Domain Attentive Fusion for End-to-end Dialect Identification with Unknown Target Domain
Suwon Shon, Ahmed Ali, James Glass

TL;DR
This paper introduces a domain attentive fusion method for end-to-end dialect identification that maintains high performance across unknown target domains without prior domain knowledge, tested on diverse broadcast and YouTube data.
Contribution
The study proposes a novel domain attentive fusion approach that enhances end-to-end dialect identification robustness in domain-mismatched scenarios without needing target domain information.
Findings
Significant performance improvements over traditional methods.
Effective on broadcast and YouTube data from multiple domains.

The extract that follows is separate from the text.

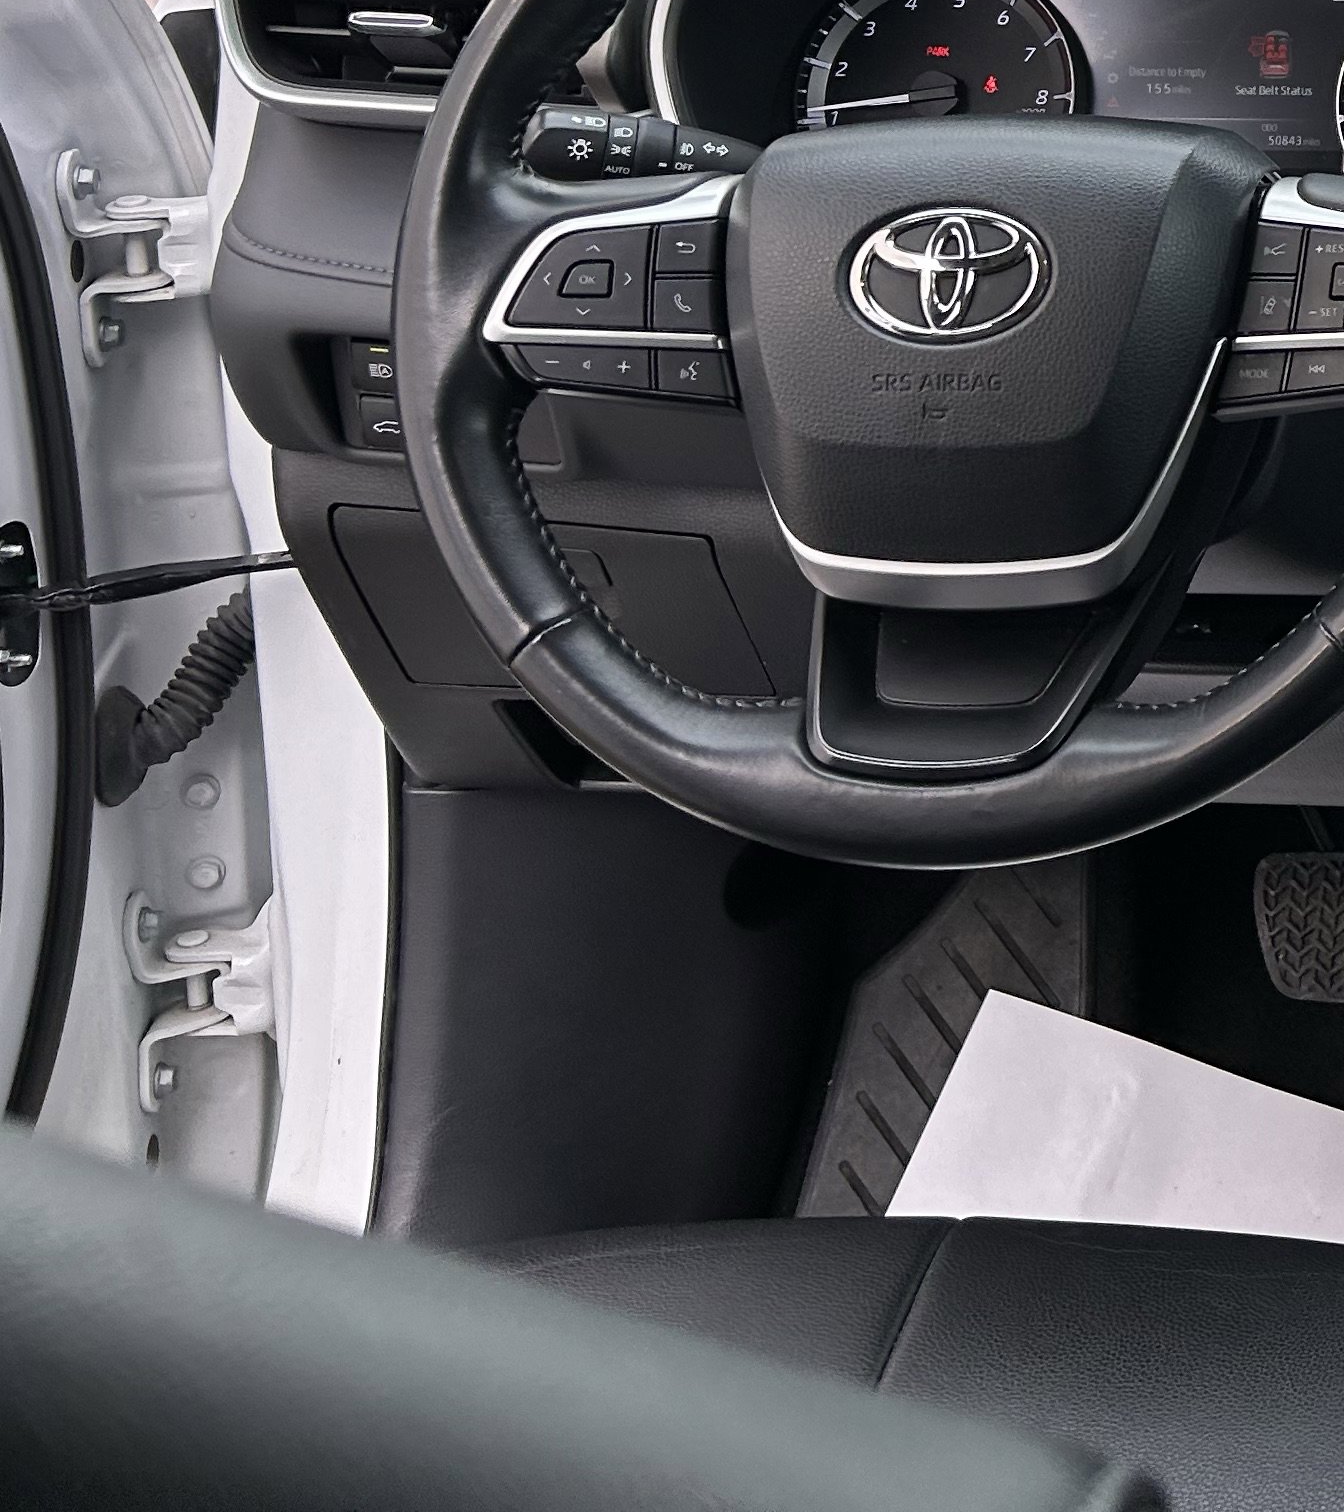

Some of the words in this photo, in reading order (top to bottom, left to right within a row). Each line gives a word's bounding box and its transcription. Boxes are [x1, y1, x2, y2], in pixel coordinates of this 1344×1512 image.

Robustness to unknown target domains demonstrated.
Abstract
End-to-end deep learning language or dialect identification systems operate on the spectrogram or other acoustic feature and directly generate identification scores for each class. An important issue for end-to-end systems is to have some knowledge of the application domain, because the system can be vulnerable to use cases that were not seen in the training phase; such a scenario is often referred to as a domain mismatched condition. In general, we assume that there is enough variation in the training dataset to expose the system to multiple domains. In this work, we study how to best make use a training dataset in order to have maximum effectiveness on unknown target domains. Our goal is to process the input without any knowledge of the target domain while preserving robust performance on other domains as well. To accomplish this objective, we propose a domain attentive fusion…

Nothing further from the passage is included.